> [WHAT YOU WILL DO]:
Please return the data that follows precisely as written, but without the images.

[Data items]
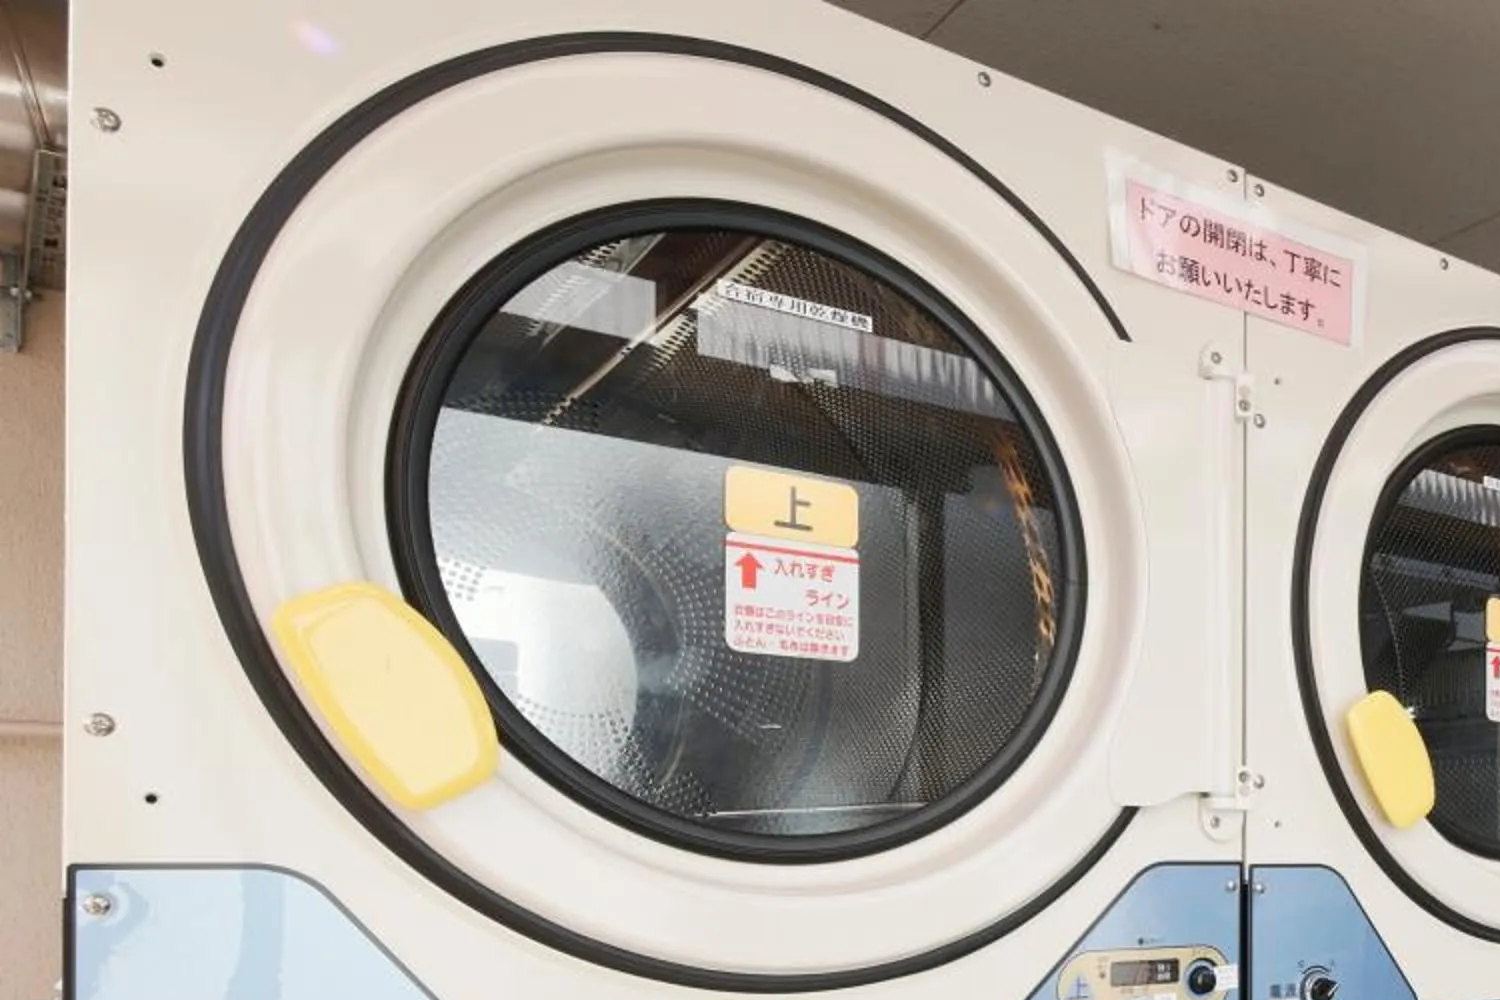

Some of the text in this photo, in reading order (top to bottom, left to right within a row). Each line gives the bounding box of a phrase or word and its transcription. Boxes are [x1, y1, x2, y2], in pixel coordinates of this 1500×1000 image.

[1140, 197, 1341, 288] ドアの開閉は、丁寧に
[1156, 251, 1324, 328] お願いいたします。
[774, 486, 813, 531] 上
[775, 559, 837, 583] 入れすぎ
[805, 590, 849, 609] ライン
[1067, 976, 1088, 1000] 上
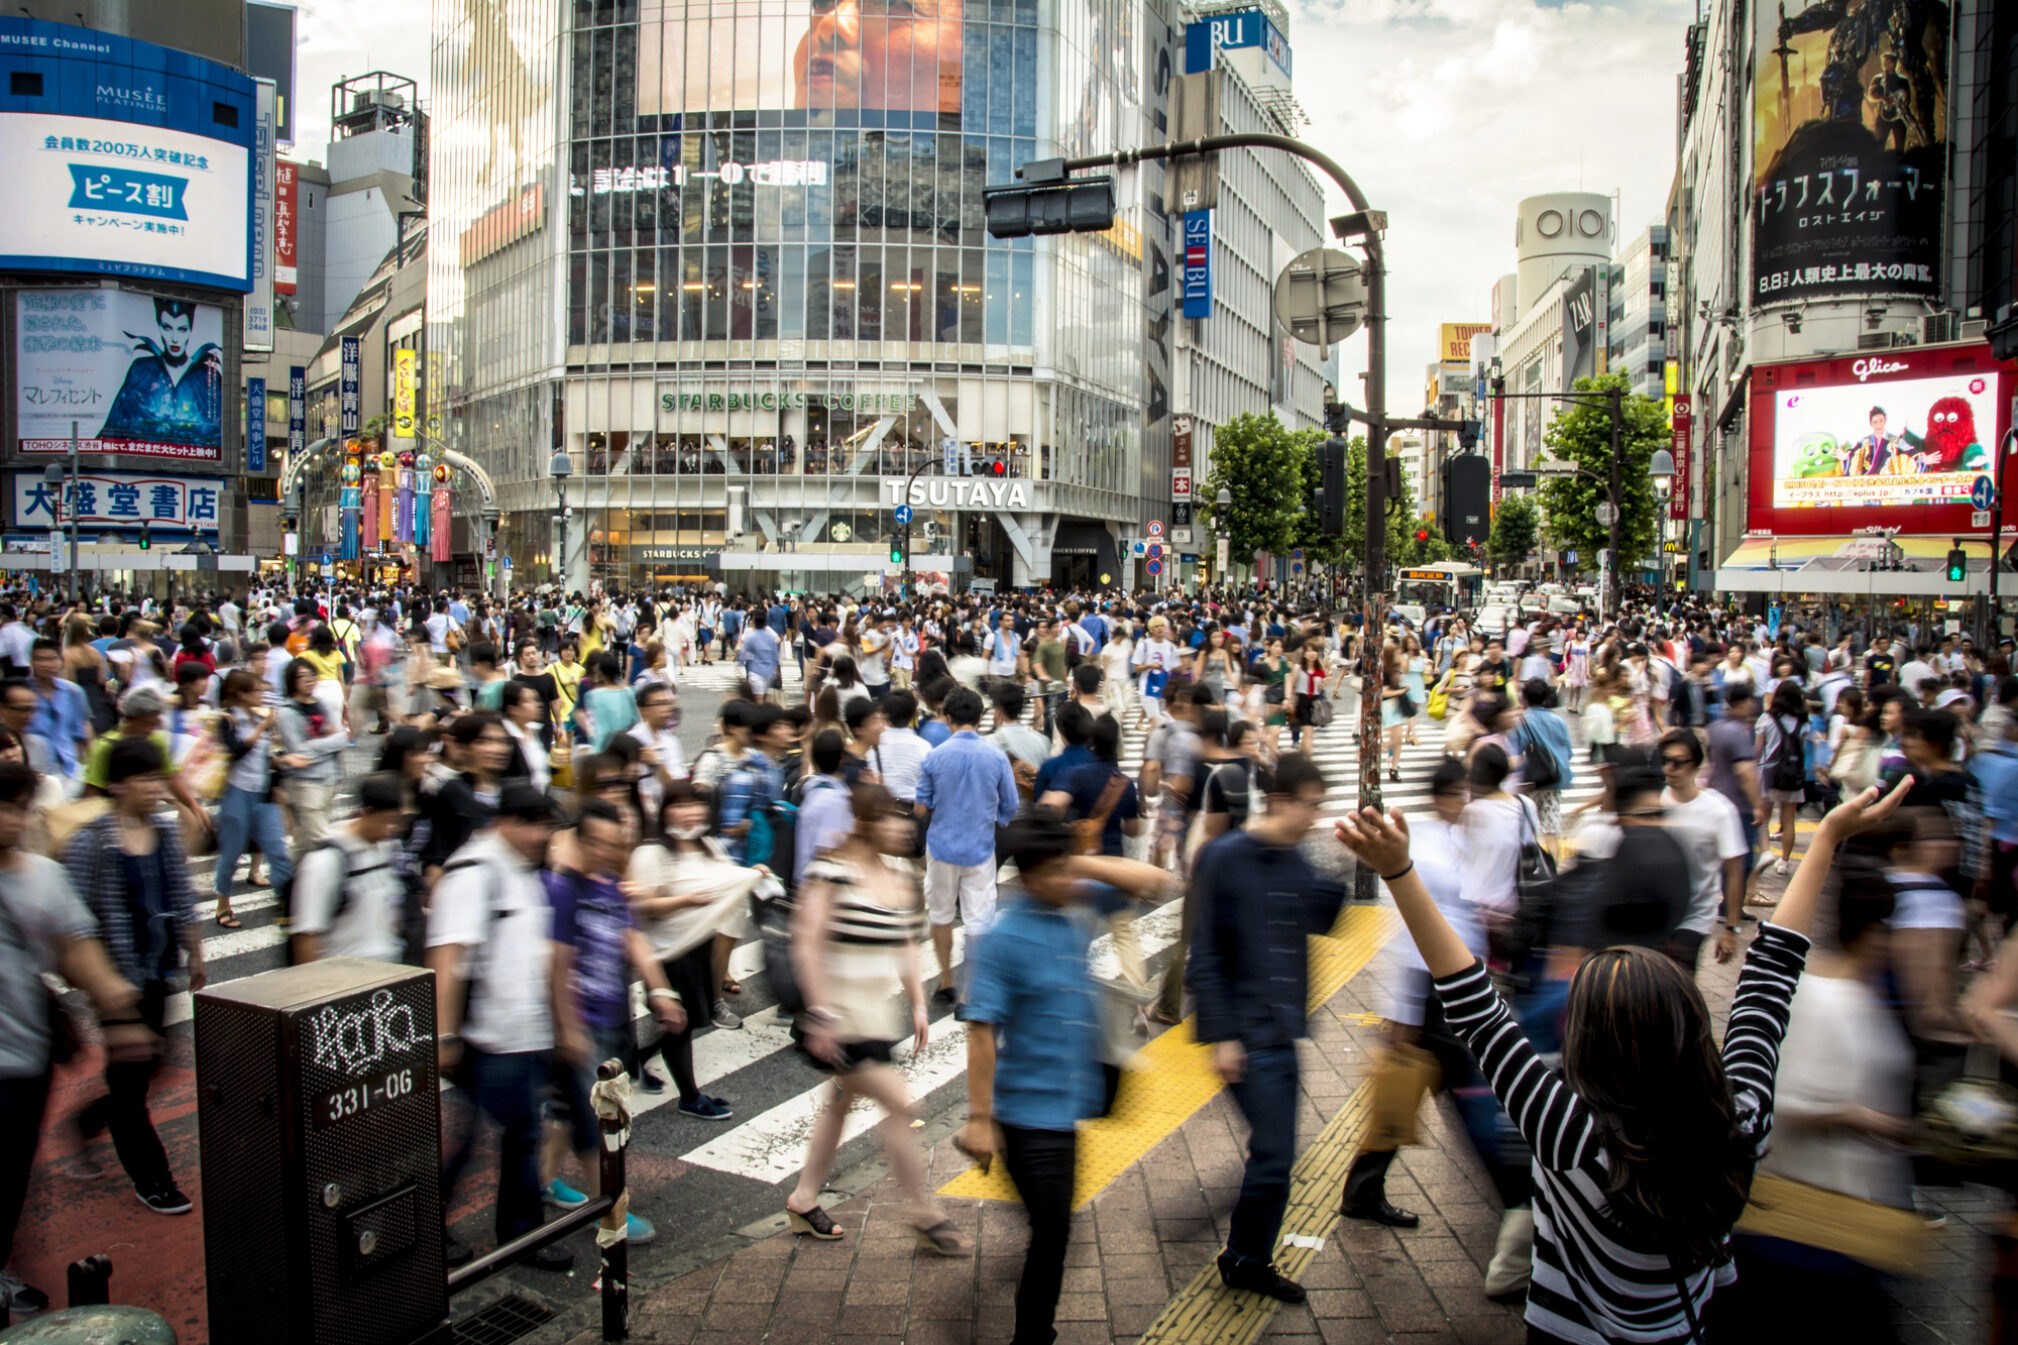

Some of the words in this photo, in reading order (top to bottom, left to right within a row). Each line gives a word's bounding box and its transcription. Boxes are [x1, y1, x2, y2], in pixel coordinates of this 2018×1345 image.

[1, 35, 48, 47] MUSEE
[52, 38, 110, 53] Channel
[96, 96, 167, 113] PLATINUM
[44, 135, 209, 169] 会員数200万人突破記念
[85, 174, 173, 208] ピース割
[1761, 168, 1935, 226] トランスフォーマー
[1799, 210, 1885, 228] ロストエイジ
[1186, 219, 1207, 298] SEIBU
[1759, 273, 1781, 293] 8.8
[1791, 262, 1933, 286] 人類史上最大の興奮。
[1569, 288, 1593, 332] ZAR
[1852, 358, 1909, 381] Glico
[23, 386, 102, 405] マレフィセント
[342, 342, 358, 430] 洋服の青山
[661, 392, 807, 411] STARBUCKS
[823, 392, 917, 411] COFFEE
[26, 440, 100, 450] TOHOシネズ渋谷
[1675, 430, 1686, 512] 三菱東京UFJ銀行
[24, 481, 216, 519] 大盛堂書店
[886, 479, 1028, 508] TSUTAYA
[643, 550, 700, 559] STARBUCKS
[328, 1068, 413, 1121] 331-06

> [WRITTEN SOLUTION]:
Some of the text in this photo, in reading order (top to bottom, left to right within a row). Each line gives the bounding box of a phrase or word and its transcription. Boxes are [x1, y1, x2, y2], in pixel coordinates of this 1500×1000 image.

[1140, 197, 1341, 288] ドアの開閉は、丁寧に
[1156, 251, 1324, 328] お願いいたします。
[774, 486, 813, 531] 上
[775, 559, 837, 583] 入れすぎ
[805, 590, 849, 609] ライン
[1067, 976, 1088, 1000] 上

Some of the words in this photo, in reading order (top to bottom, left to right within a row). Each line gives a word's bounding box and its transcription. Boxes are [x1, y1, x2, y2], in pixel coordinates of this 2018×1345 image.

[1, 35, 48, 47] MUSEE
[52, 38, 110, 53] Channel
[96, 96, 167, 113] PLATINUM
[44, 135, 209, 169] 会員数200万人突破記念
[85, 174, 173, 208] ピース割
[1761, 168, 1935, 226] トランスフォーマー
[1799, 210, 1885, 228] ロストエイジ
[1186, 219, 1207, 298] SEIBU
[1759, 273, 1781, 293] 8.8
[1791, 262, 1933, 286] 人類史上最大の興奮。
[1569, 288, 1593, 332] ZAR
[1852, 358, 1909, 381] Glico
[23, 386, 102, 405] マレフィセント
[342, 342, 358, 430] 洋服の青山
[661, 392, 807, 411] STARBUCKS
[823, 392, 917, 411] COFFEE
[26, 440, 100, 450] TOHOシネズ渋谷
[1675, 430, 1686, 512] 三菱東京UFJ銀行
[24, 481, 216, 519] 大盛堂書店
[886, 479, 1028, 508] TSUTAYA
[643, 550, 700, 559] STARBUCKS
[328, 1068, 413, 1121] 331-06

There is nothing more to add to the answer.